We are supposed to love everyone without bias, just like God does. God gave Peter a vision to teach him that lesson. In Acts 10:34-35 Peter said, “…Truly I understand that God shows no partiality, but in every nation anyone who fears him and does what is right is acceptable to him. As for the word that he sent to Israel, preaching good news of peace through Jesus Christ (he is Lord of all),”
We are supposed to go out of our way to show esteem for one another. Romans 12:9-13 reads,
“Let love be genuine. Abhor what is evil; hold fast to what is good. 10 Love one another with brotherly affection. Outdo one another in showing honor. 11 Do not be slothful in zeal, be fervent in spirit, serve the Lord. 12 Rejoice in hope, be patient in tribulation, be constant in prayer. 13 Contribute to the needs of the saints and seek to show hospitality.”
Showing partiality regardless which way it goes, is ungodly and therefore sinful. James doesn’t try and sweeten his message. It is plain that it is sin. It goes against the second of the commands Jesus told us was the crux of the entire law. Verses 8-9 say,
“If you really fulfill the royal law according to the Scripture, “You shall love your neighbor as yourself,” you are doing well. 9 But if you show partiality, you are committing sin and are convicted by the law as transgressors.”
James wasn’t kidding around. Treating some well and others inadequately is sin. It is also often done in order to look good. Treating the congressman like a king can get us some points in the world. But treating the homeless man like a king doesn’t get us any advantages. If we are trying to gain benefits by our actions that is bad news. Our actions are meant to be expressions of our faith and love.
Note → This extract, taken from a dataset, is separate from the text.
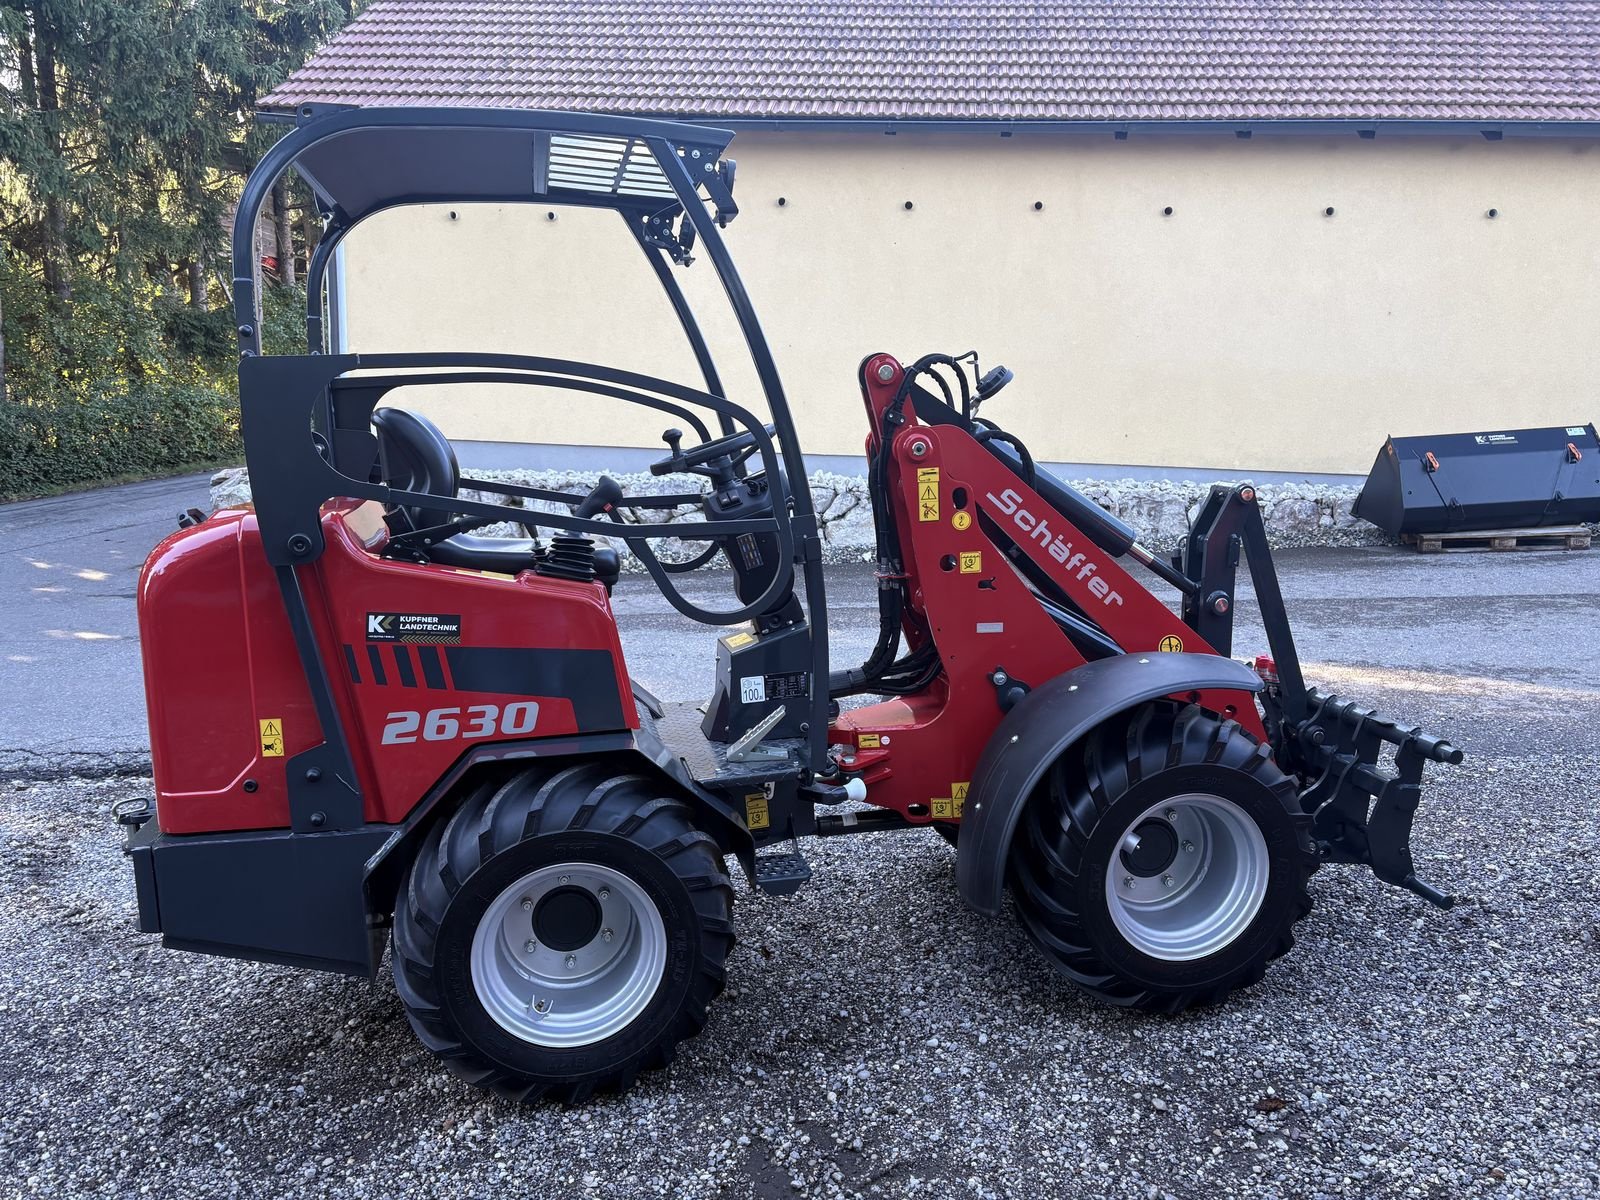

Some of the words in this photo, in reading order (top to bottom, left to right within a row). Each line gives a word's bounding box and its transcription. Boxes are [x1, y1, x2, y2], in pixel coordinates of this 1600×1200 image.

[986, 489, 1123, 606] Schäffer
[400, 623, 458, 631] LANDTECHNIK
[744, 689, 759, 701] 100
[381, 701, 540, 745] 2630
God loves everyone, not just the rich, or only the poor, or merely the Jew, or only the Greek. Gaining rewards by our deeds is an attempt to keep the law. Looking good to the world is trying to keep the law. Verses 10-11 read,
“For whoever keeps the whole law but fails in one point has become accountable for all of it. 11 For he who said, “Do not commit adultery,” also said, “Do not murder.” If you do not commit adultery but do murder, you have become a transgressor of the law.”
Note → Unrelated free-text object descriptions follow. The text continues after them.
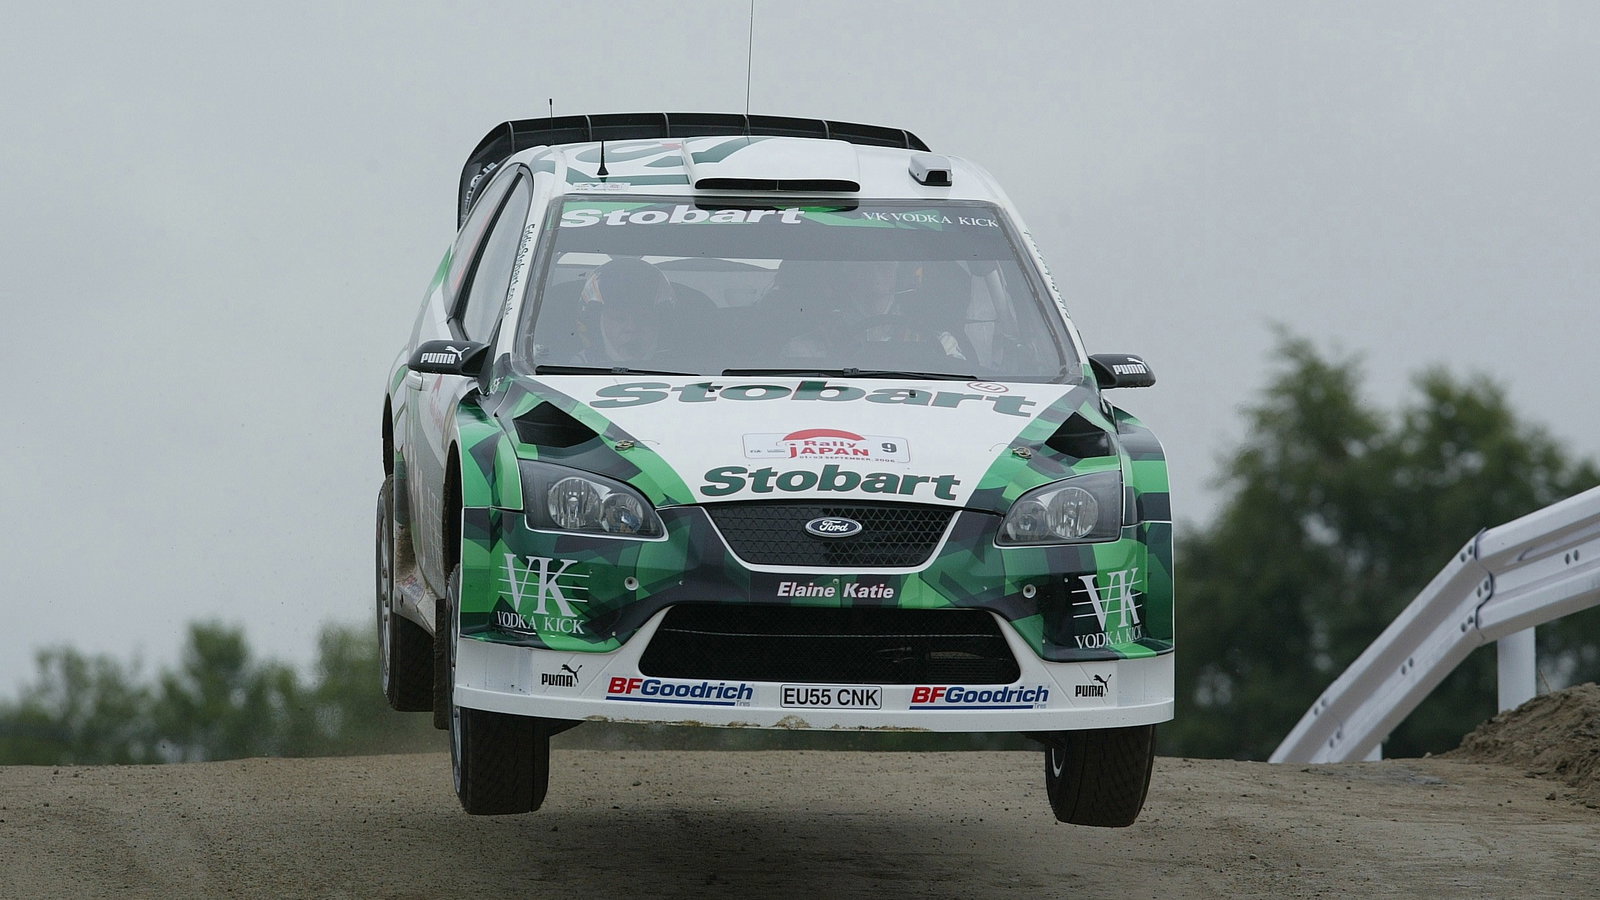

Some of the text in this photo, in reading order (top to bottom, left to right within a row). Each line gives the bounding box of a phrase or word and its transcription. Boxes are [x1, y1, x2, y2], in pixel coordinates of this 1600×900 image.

[560, 204, 805, 228] Stobart
[862, 211, 1000, 228] VK VODKA KICK
[420, 352, 457, 364] PUMA
[1112, 364, 1147, 375] PUMA
[589, 380, 1037, 418] Stobart
[803, 439, 858, 449] Rally
[881, 442, 898, 454] 9
[699, 463, 962, 501] Stobart
[819, 519, 849, 532] Ford
[503, 553, 579, 618] VK
[777, 581, 895, 599] Elaine Katie
[1078, 567, 1140, 632] VK
[496, 610, 585, 635] VODKA KICK
[1073, 630, 1122, 650] VODKA
[541, 673, 574, 687] PUMA
[607, 676, 754, 700] BFGoodrich
[783, 687, 879, 706] EU55 CNK
[910, 685, 1050, 703] BFGoodrich
[1075, 684, 1104, 698] PUMA
Forget about how you look to the world when it comes to loving your neighbor. Love him as God loves him, not because he is a well-to-do influential man, but because he is a man created by and loved by God. We were saved by grace. We have been showered with mercy. We have grace and mercy to spare. We are free to do it. God wants a relationship with both the destitute and prosperous. He wants the priest and the prostitute to know Him. We are free to show love to all. We don’t have to worry about anyone defiling our buildings with their sin. We do not have to be concerned with anyone corrupting our temples or our souls because Jesus blood sanctified us. We don’t have to kowtow to money because we know God provides for us.
Verses 12-13 say,
“So speak and so act as those who are to be judged under the law of liberty. 13 For judgment is without mercy to one who has shown no mercy. Mercy triumphs over judgment.”
So my fellow believers and followers of our King and Lord Jesus, I encourage you today to examine yourself and see if you are showing partiality in your dealings with people. Are you out doing yourself and others in order to show honor to one another? I exhort you to go out of your way and love all your neighbors, regardless of appearance, regardless of bank account, and regardless of any of our perceptions.